Buku traveling ini berbeda, tidak seperti buku-buku traveling pada umumnya. Penulis (yang bekerja di sebuah instansi pemerintah di Pulau Seram, Maluku, tepatnya di ibu kota Kabupaten Bula) mengisahkan suka dukanya saat mengabdi di sana, sekaligus bertutur tentang pengalaman-pengalaman tak terlupakan ketika menjelajahi beberapa pulau yang tersebar di wilayah Maluku.

Kumpulan catatan perjalanan ini ditulis dengan bahasa ringan, gaul ala anak muda, konyol serta dibumbui banyolan-banyolan segar yang akan membuat pembaca tersenyum-senyum (bahkan tertawa ngakak) saat membaca halaman demi halaman. Meski ada juga beberapa kisah menyedihkan yang dijumpai penulis dan membuat hati kita menjadi terenyuh. Buku ini pas dijadikan sebagai bacaan ringan yang menghibur sambil duduk bersantai di rumah, ketika Anda tengah 'bete' menunggu antrian, atau sebagai bacaan pembunuh bosan saat menunggu seseorang di tempat umum.

Berapa lama kira-kira Anda bisa menahan 'pup' alias buang air besar? Bicara tentang pup (mungkin ini sedikit menjinjikkan ya, hehehe, tapi ini benar-benar nyata dialami oleh penulis, lho?) ternyata penulis termasuk orang yang 'sangat luar biasa'. Ia diberi 'kelebihan' bisa menahan pup hingga lima hari (rekor yang sangat wow!). Penyebabnya bukan karena susah buang air besar. Melainkan gara-gara 'WC terpanjang di dunia'.

Jadi ceritanya begini, selama bertugas di Maluku sebagai petugas pengumpul data, penulis mau tak mau harus menuju lokasi-lokasi yang tak lazim dikunjungi para turis. Suatu ketika, ia melakukan pendataan di sebuah pulau bernama Keffing (ujung tenggara Pulau Seram, Maluku). Di sana, ia tinggal di rumah Pak Sarif, kepala Dusun Kawi, Desa Kellu. Karena rumahnya terlalu dekat dengan pantai dan tanahnya berpasir, mereka tak memiliki sumur sendiri.
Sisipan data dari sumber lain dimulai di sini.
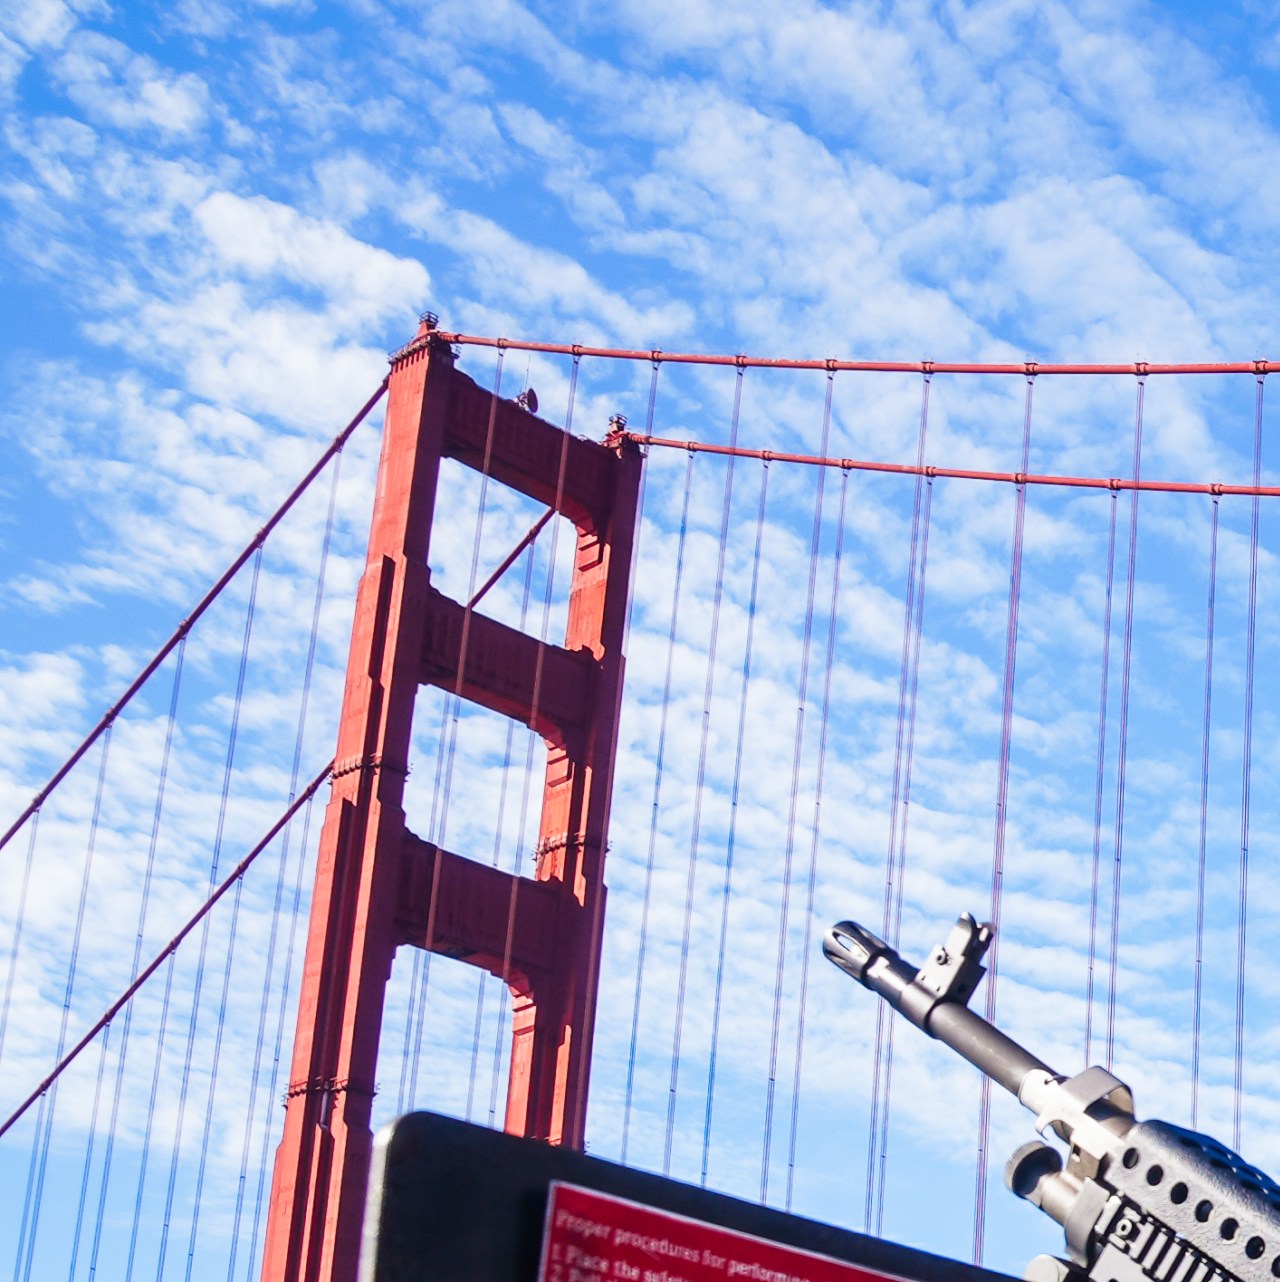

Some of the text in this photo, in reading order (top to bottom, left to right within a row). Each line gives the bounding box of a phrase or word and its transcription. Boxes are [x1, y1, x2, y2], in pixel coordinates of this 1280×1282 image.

Ternyata di desa itu, hanya ada beberapa sumur yang dimiliki penduduk (yang lokasi rumahnya agak jauh dari pantai). Sumur tersebut dipakai ramai-ramai oleh penduduk desa untuk mandi dan minum. Dan, masalah pun timbul ketika ia tiba-tiba kebelet pup. Ternyata oh ternyata, di sana tak ada WC khusus. Adat orang-orang di sana kalau mau buang hajat ya di pinggir pantai. Makanya kemudian ada ungkapan lelucon begini; "Di Maluku kita punya WC terpanjang di dunia."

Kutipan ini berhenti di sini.